= Michael Stumpf =

Michael Stumpf (born 1970) is a scholar in the field of systems biology, in particular the inference of mathematical models using statistical inference and machine learning approaches. He has made ample contributions to network science, cell fate decision making processes and population genetics.

==Life==

Stumpf was born in Regensburg, Germany, and grew up in Straubing and Rothenburg ob der Tauber. He studied physics at the Universities of Tübingen, Sussex and Göttingen. Upon graduating with his diploma in physics, he went on to study as a graduate student at the University of Oxford, where he received his DPhil. in statistical physics in 1999. Whilst a graduate student he was a member of Balliol College. In 1999 Stumpf moved into biology and worked for three years at the Department of Zoology of the University of Oxford with Professor Robert May, Baron May of Oxford. During this time Stumpf held a fellowship at Linacre College. Since 2003 Stumpf has worked at the Centre for Bioinformatics at Imperial College, London. In 2004 he was awarded an EMBO Young Investigator Award, and in 2007 Stumpf was appointed to the Chair of Theoretical Systems Biology at Imperial College, London. He has held a Royal Society Wolfson Research Merit Award, and in 2011 he was awarded the Rector's Medal for Excellence in Research Supervision, and a Miegunyah Distinguished Fellowship in 2013.

Stumpf is married with two children and lives in West London.

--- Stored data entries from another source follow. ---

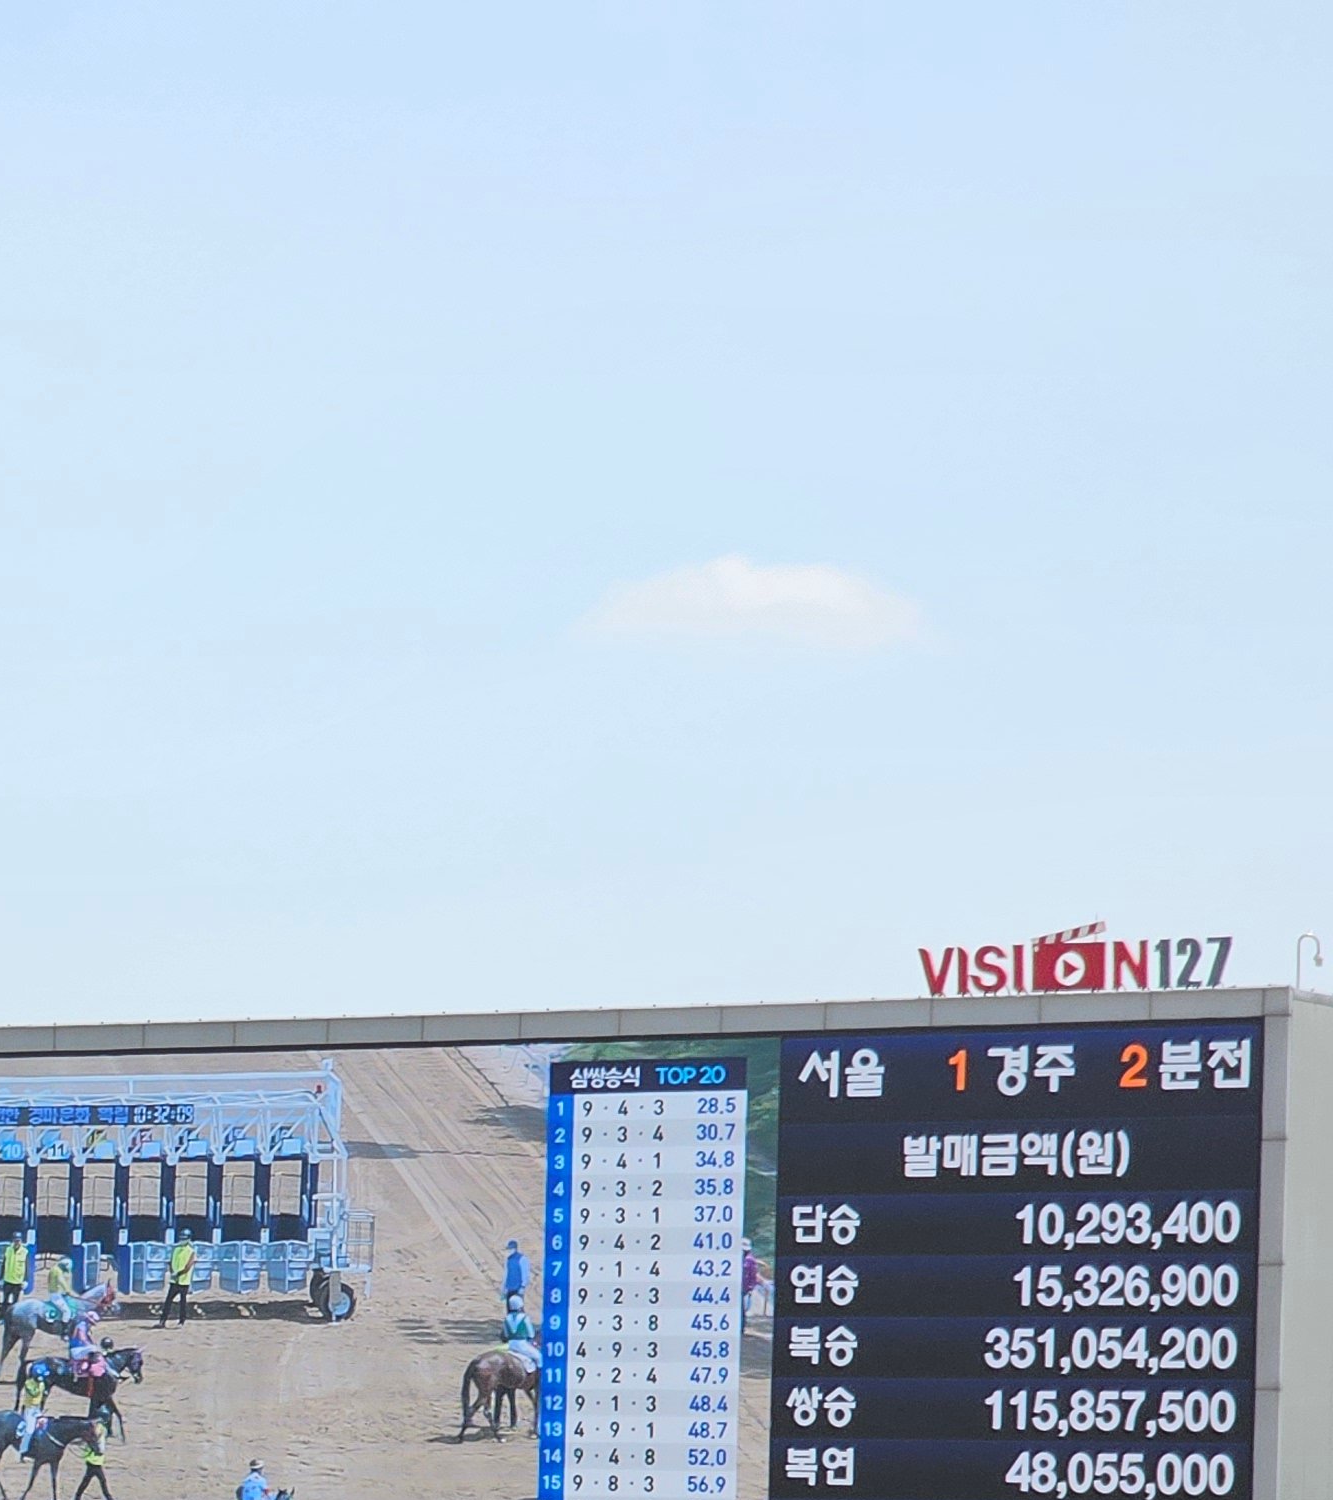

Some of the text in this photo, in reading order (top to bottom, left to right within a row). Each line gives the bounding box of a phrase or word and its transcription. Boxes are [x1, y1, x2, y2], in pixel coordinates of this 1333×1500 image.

[569, 1066, 641, 1088] 삼쌍승식
[798, 1048, 885, 1097] 서울
[949, 1050, 966, 1090] 1
[987, 1043, 1076, 1096] 경주
[697, 1098, 736, 1114] 28.5
[695, 1151, 735, 1168] 34.8
[904, 1129, 1130, 1178] 발매금액(원)
[694, 1206, 733, 1223] 37.0
[793, 1200, 1241, 1250] 단승 10,293,400
[692, 1260, 731, 1277] 43.2
[791, 1264, 1239, 1312] 연승 15,326,900
[789, 1325, 1237, 1375] 복승 351,054,200
[786, 1386, 1236, 1437] 쌍승 115,857,500
[687, 1448, 726, 1466] 52.0
[785, 1447, 1234, 1500] 복연 48,055,000
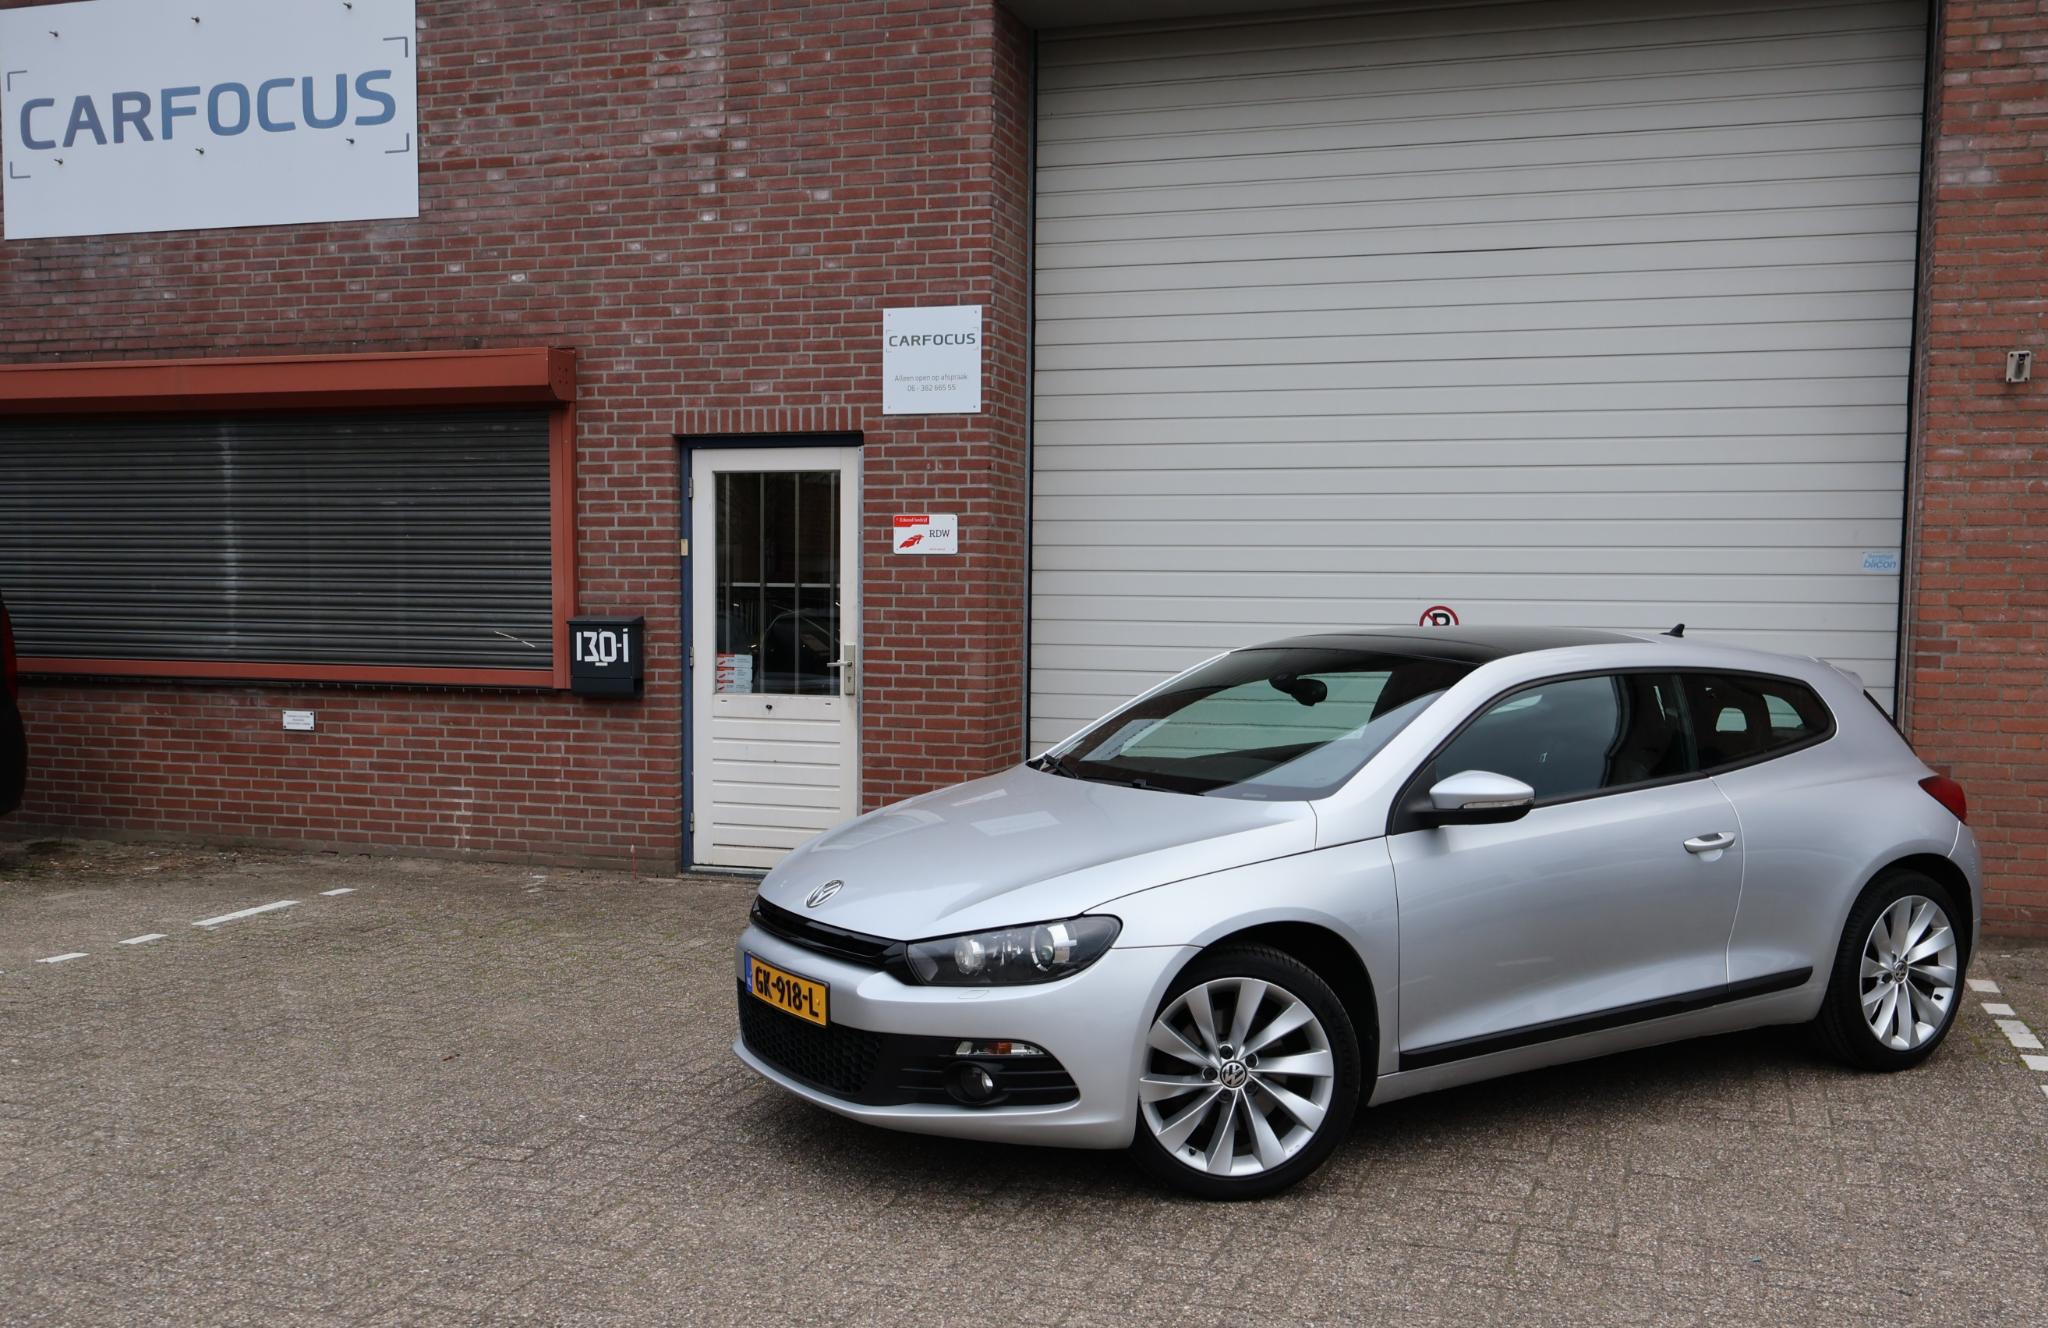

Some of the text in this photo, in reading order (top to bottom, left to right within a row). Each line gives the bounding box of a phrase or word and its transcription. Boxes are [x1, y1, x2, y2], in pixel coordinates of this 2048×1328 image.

[20, 69, 397, 151] CARFOCUS
[888, 333, 976, 347] CARFOCUS
[894, 374, 914, 382] Alleen
[915, 375, 930, 383] open
[929, 529, 950, 538] RDW
[1863, 558, 1897, 569] blicon
[755, 966, 819, 1018] GK-918-L

In January 2018, he moved his research group to the University of Melbourne. He was elected a Fellow of the Australian Academy of Science in May 2025.

==Work==

Stumpf's research covers a variety of fields, including
- development of statistical approaches and methodologies for the integrative analysis of systems biology data.
- statistical and mathematical analysis of complex dynamical systems.
- the analysis of complex biological networks, including protein interaction and gene regulation networks.
- mathematical modelling of molecular, cellular and developmental systems and processes in biology.